C’est pour cela que tu t’es mis ensuite au scénario avec Notre Dame de Paris ?
RR : Non. C’était en fait une rencontre avec Jean Bastide. J’avais envie de faire Notre Dame de Paris et je pensais à ce projet là pour le faire quelques années après. Il se trouve que Jean Bastide, que j’avais rencontré lors d’un festival, avait un peu la même idée. On s’est appelé pour s’engueuler mutuellement en se disputant pour savoir qui a eu l’idée avant l’autre ! Finalement, on a décidé de le faire ensemble ! Je trouve qu’il a beaucoup de talent et donc l’aventure a commencé un peu par hasard.
Ce n’est pas trop dur de faire du scénario en démarrant par Victor Hugo ?
RR : Justement ce n’est pas du scénario mais de l’adaptation. L’adaptation d’un roman n’est pas écrire du scénario quand même. On ne part pas d’une feuille blanche mais on part d’une belle image et de quelque chose de bien abouti dans lequel on fait un travail pour l’amener vers un autre média. Je ne peux pas mettre ce travail sous le même plan qu’un scénario de BD. Il y a du travail bien sûr mais cela ne demande pas tout à fait les mêmes compétences. Je ne suis pas scénariste. Je le serais peut être un jour si je démarre d’une feuille blanche mais pour l’instant, je ne l’ai pas fait.
Tu prends un sacré virage ensuite avec Désintégration- journal d'un conseiller à Matignon ?
RR : Il y a eu entretemps Elric. Sans le savoir à l’époque, j’étais en train de créer ce qui maintenant est ma manière de travailler. J’adore l’heroïc fantasy mais je me lasse vite. Donc il faut que je passe de l’heroïc fantasy à autre chose pour me rappeler que j’ai besoin de faire de l’heroïc fantasy. De plus en plus, de manière systématique, je vais faire un projet qui va vers les mondes imaginaires puis faire une respiration pour revenir ensuite dans les mondes imaginaires. J’alterne du coup sans arrêt entre ces deux tendances.

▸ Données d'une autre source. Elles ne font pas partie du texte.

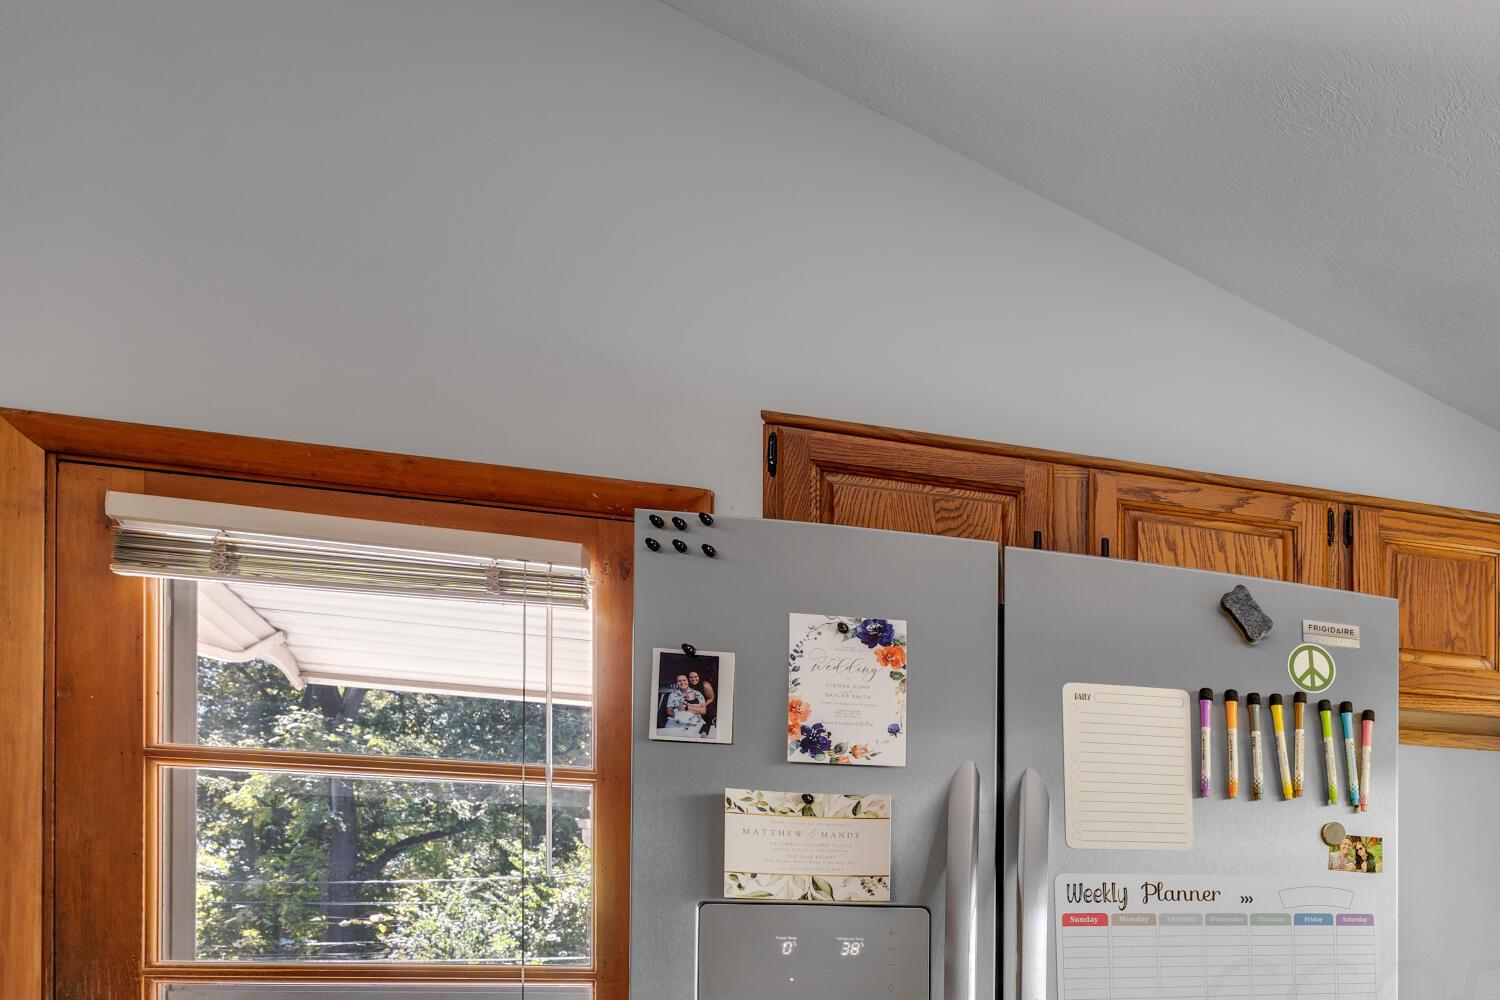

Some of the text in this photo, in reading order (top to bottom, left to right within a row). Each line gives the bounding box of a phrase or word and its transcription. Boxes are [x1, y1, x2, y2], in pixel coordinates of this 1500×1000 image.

J’ai besoin de me régénérer ailleurs pour retrouver le plaisir de faire ces mondes imaginaires que j’adore mais que je ne peux pas faire tout le temps sinon je m’assèche.
Dans Désintégration, ton style est totalement différent, à tel point qu’il est difficile d’imaginer que tu en es le dessinateur.

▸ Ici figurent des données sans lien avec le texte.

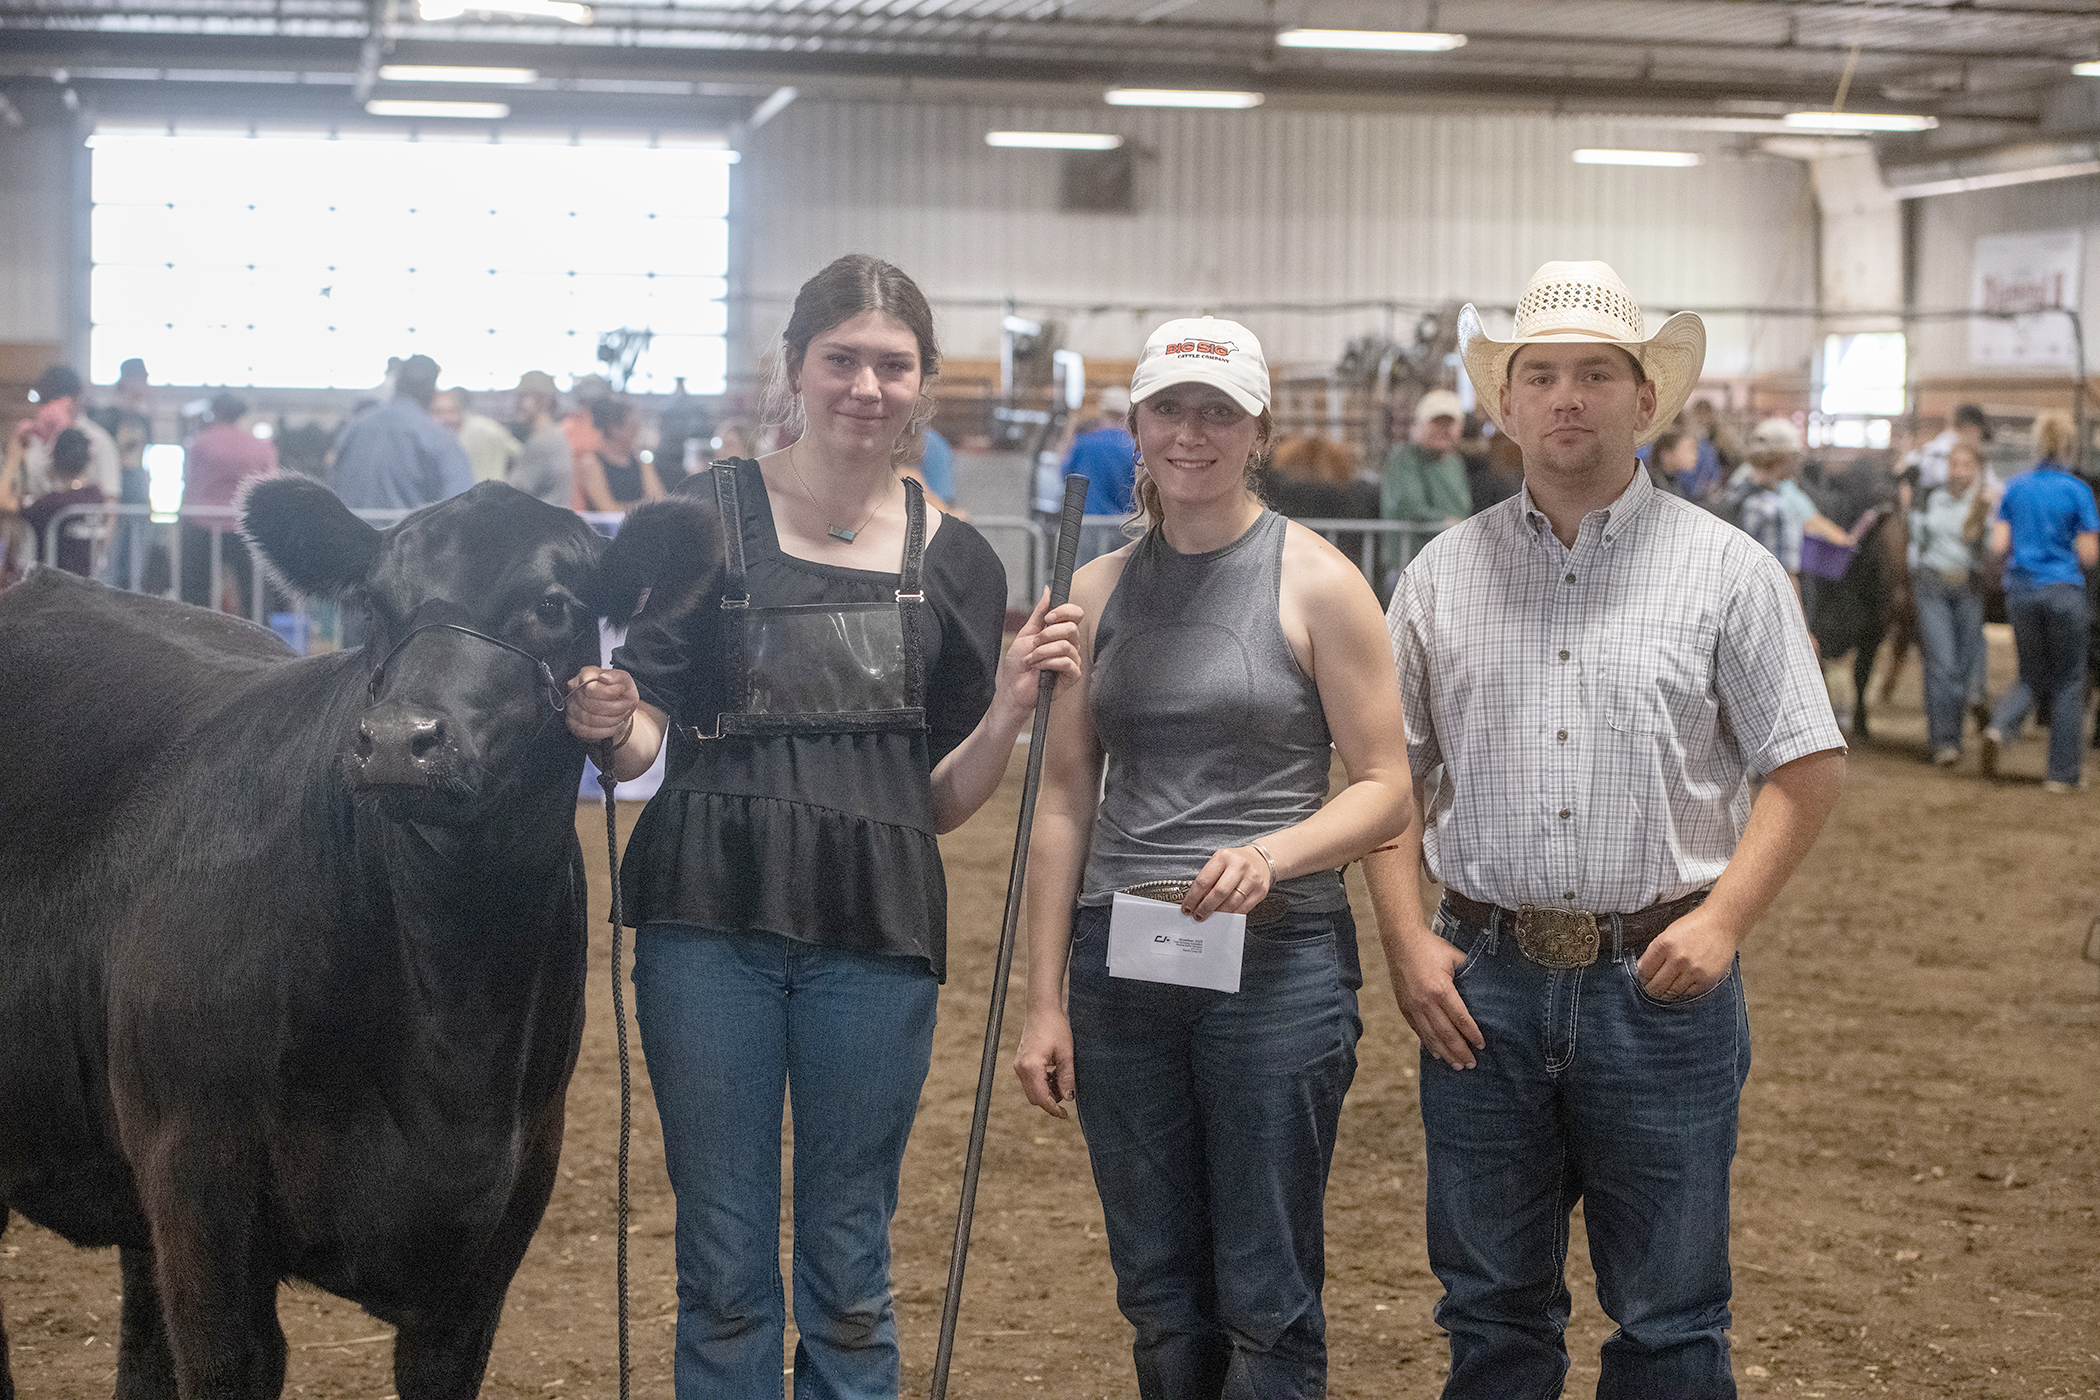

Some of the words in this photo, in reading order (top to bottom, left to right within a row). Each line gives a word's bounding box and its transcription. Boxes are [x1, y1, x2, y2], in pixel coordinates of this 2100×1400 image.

RR : J’adore la BD et je trouve que c’est dommage de se limiter à un style même si c’est nécessaire quand on travaille sur une série. Je trouve ça très frustrant car je ne crois pas avoir un style que j’ai établi comme étant ma signature. Du coup, je me sens libre de vagabonder en fonction des projets et de m’adapter à chaque récit. Je ne suis pas très attendu sur une écriture particulière et j’ai donc le droit de voyager un peu. En tant que créateur, c’est hyper rafraichissant de découvrir toujours quelque chose de différent. Est-ce que ça va me plaire ? Est-ce que ça va m’ennuyer ? Est-ce que je vais m’amuser ? Est-ce que je vais galérer ? C’est toujours nouveau pour moi. Puis, je reviens à l’heroïc fantasy dans mon langage plus habituel.
Adapter Conan le barbare, c’est un rêve ?

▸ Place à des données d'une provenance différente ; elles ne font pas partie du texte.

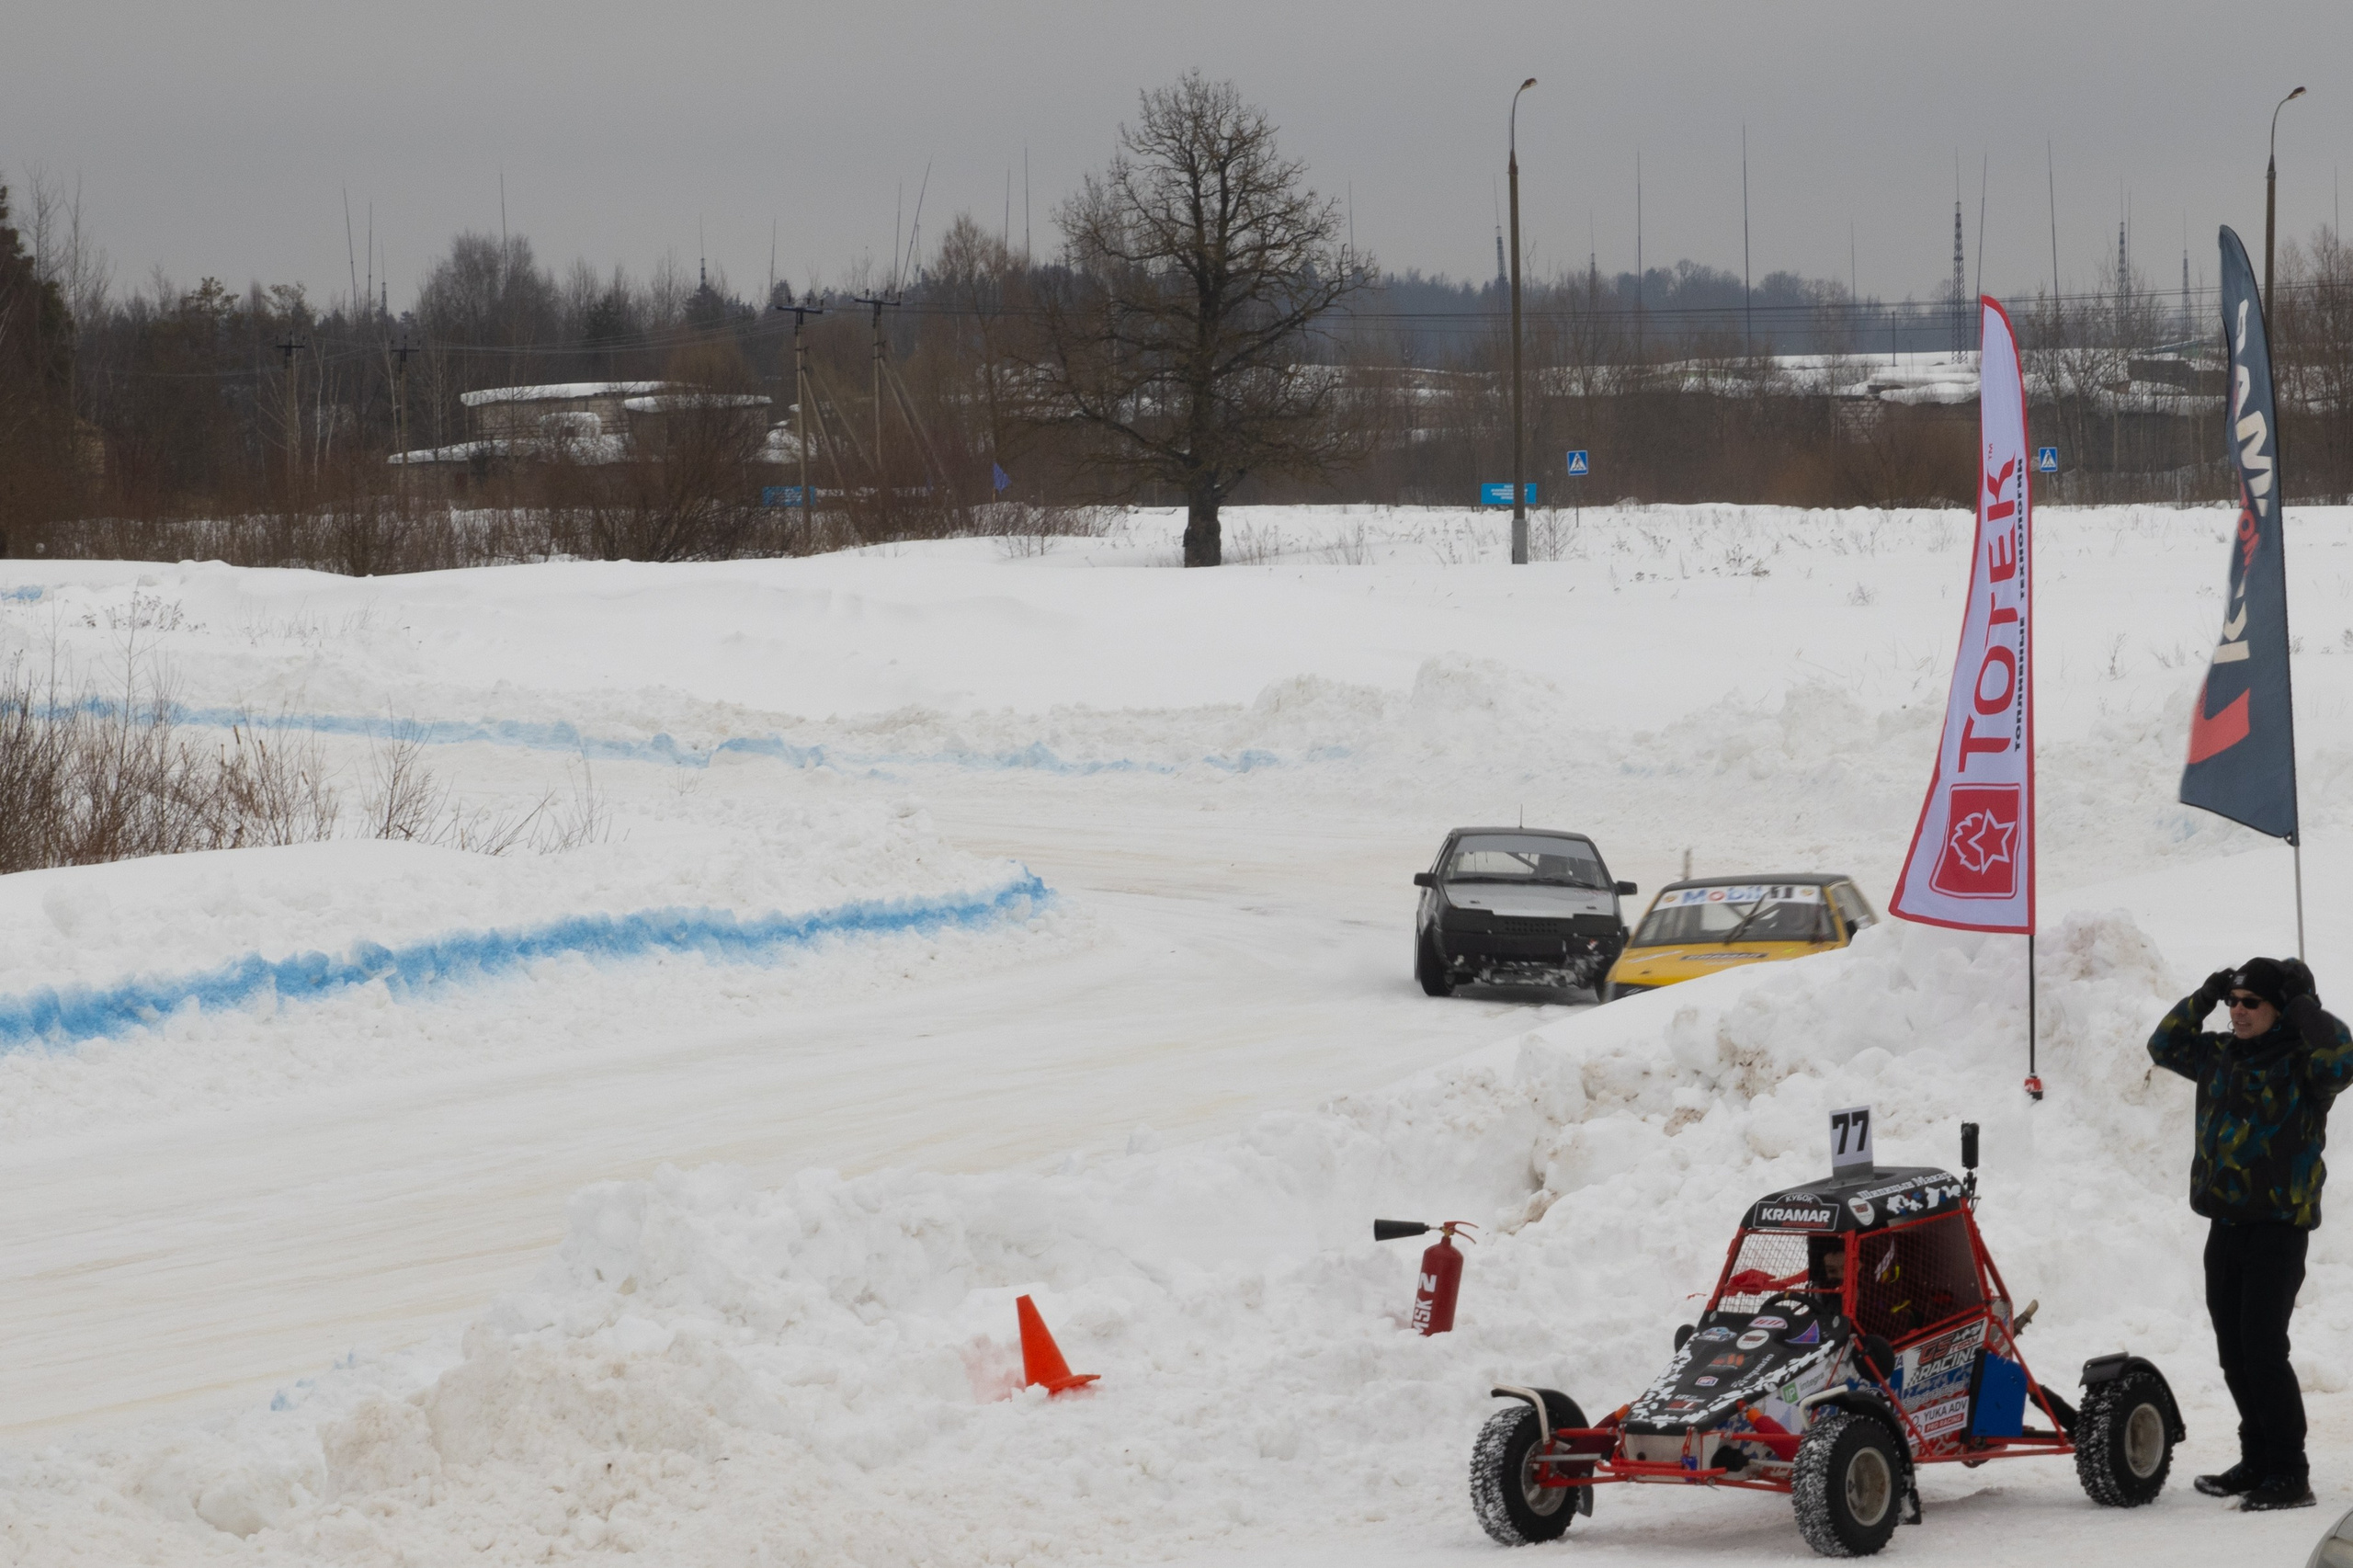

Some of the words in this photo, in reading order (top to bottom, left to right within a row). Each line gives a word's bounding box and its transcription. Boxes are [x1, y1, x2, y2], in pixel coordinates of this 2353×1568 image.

RR : Oui, c’est un rêve, un plaisir égoïste enfantin. C’est le droit de jouer avec les jouets qu’on a eus pendant l’enfance et l’adolescence. L’espace d’une année, on me donne carte blanche pour aller jouer avec ça. C’est un luxe inimaginable d’avoir le droit dans une vie de reprendre des jouets qui nous ont fait rêver à un âge où l’on rêve beaucoup. Pour d’autres personnes, ça aurait été écrire un Harry Potter, jouer dans un Star Wars. Moi c’était dessiner une BD sur Conan.
Pourquoi adapter cette nouvelle ?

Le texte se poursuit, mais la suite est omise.